Without including any images, set down the records below exactly.

Free-text object descriptions:
----------------------------------------

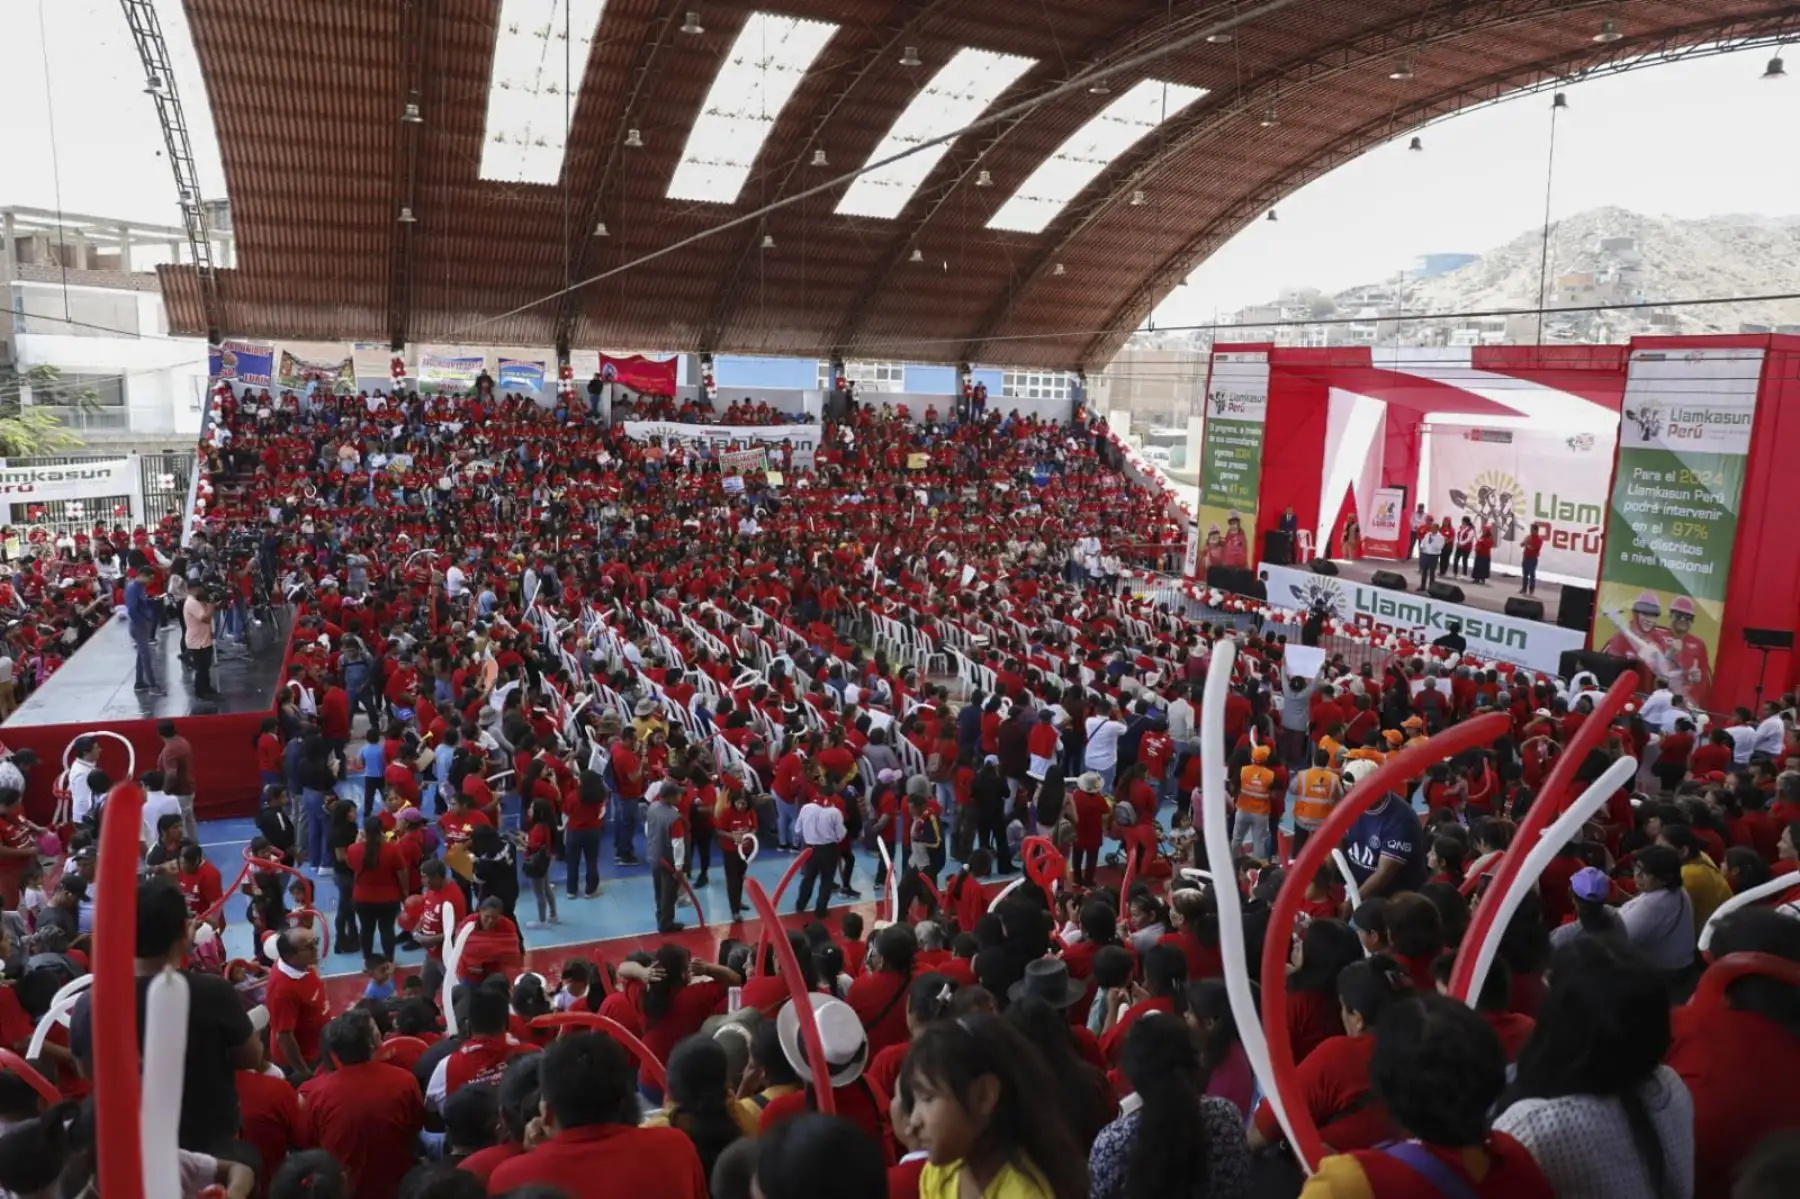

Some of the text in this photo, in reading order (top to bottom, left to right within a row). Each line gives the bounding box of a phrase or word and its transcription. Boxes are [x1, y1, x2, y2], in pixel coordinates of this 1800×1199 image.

[1670, 408, 1752, 425] Llamkasun
[1667, 424, 1703, 439] Perú
[0, 469, 111, 482] mkasun
[1633, 467, 1723, 486] Para el 2024
[1627, 484, 1725, 504] Llamkasun Perú
[1534, 492, 1600, 524] Llam
[1663, 502, 1723, 520] intervenir
[1534, 520, 1601, 554] Perú
[1632, 521, 1708, 540] en el 97%
[1632, 536, 1703, 556] de distritos
[1631, 552, 1656, 566] nivel
[1659, 557, 1714, 574] nacional
[1355, 588, 1527, 649] Llamkasun
[1387, 839, 1412, 853] QNB
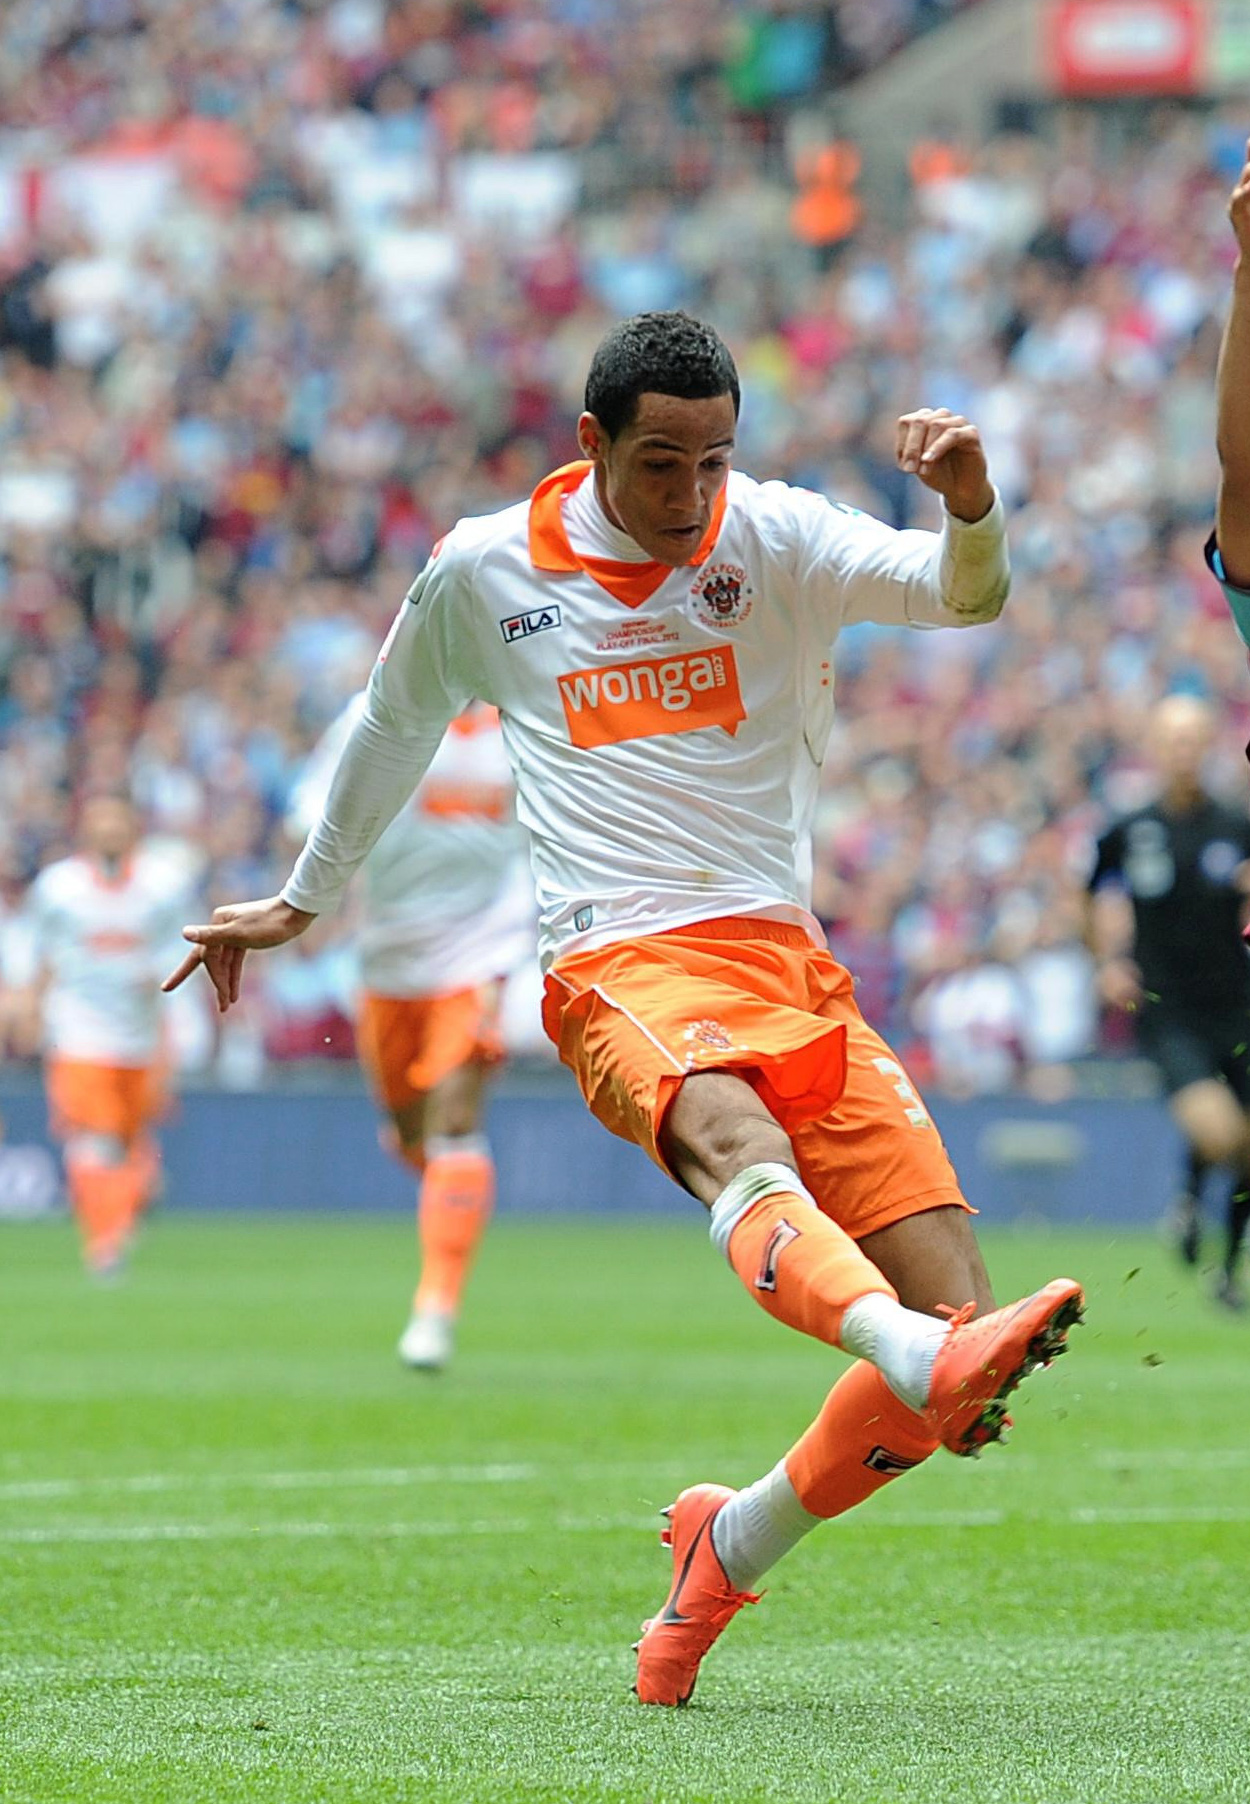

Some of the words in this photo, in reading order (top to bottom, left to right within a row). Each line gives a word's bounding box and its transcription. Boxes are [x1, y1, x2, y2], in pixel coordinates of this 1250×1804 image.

----------------------------------------

Solution:
Some of the text in this photo, in reading order (top to bottom, left to right within a row). Each line gives the bounding box of a phrase or word and its transcription. Boxes are [x1, y1, x2, y2], in pixel coordinates of this 1800×1199 image.

[1670, 408, 1752, 425] Llamkasun
[1667, 424, 1703, 439] Perú
[0, 469, 111, 482] mkasun
[1633, 467, 1723, 486] Para el 2024
[1627, 484, 1725, 504] Llamkasun Perú
[1534, 492, 1600, 524] Llam
[1663, 502, 1723, 520] intervenir
[1534, 520, 1601, 554] Perú
[1632, 521, 1708, 540] en el 97%
[1632, 536, 1703, 556] de distritos
[1631, 552, 1656, 566] nivel
[1659, 557, 1714, 574] nacional
[1355, 588, 1527, 649] Llamkasun
[1387, 839, 1412, 853] QNB

Some of the words in this photo, in reading order (top to bottom, left to right within a row). Each line gives a word's bounding box and its transcription. Boxes are [x1, y1, x2, y2], in pixel coordinates of this 1250×1804 image.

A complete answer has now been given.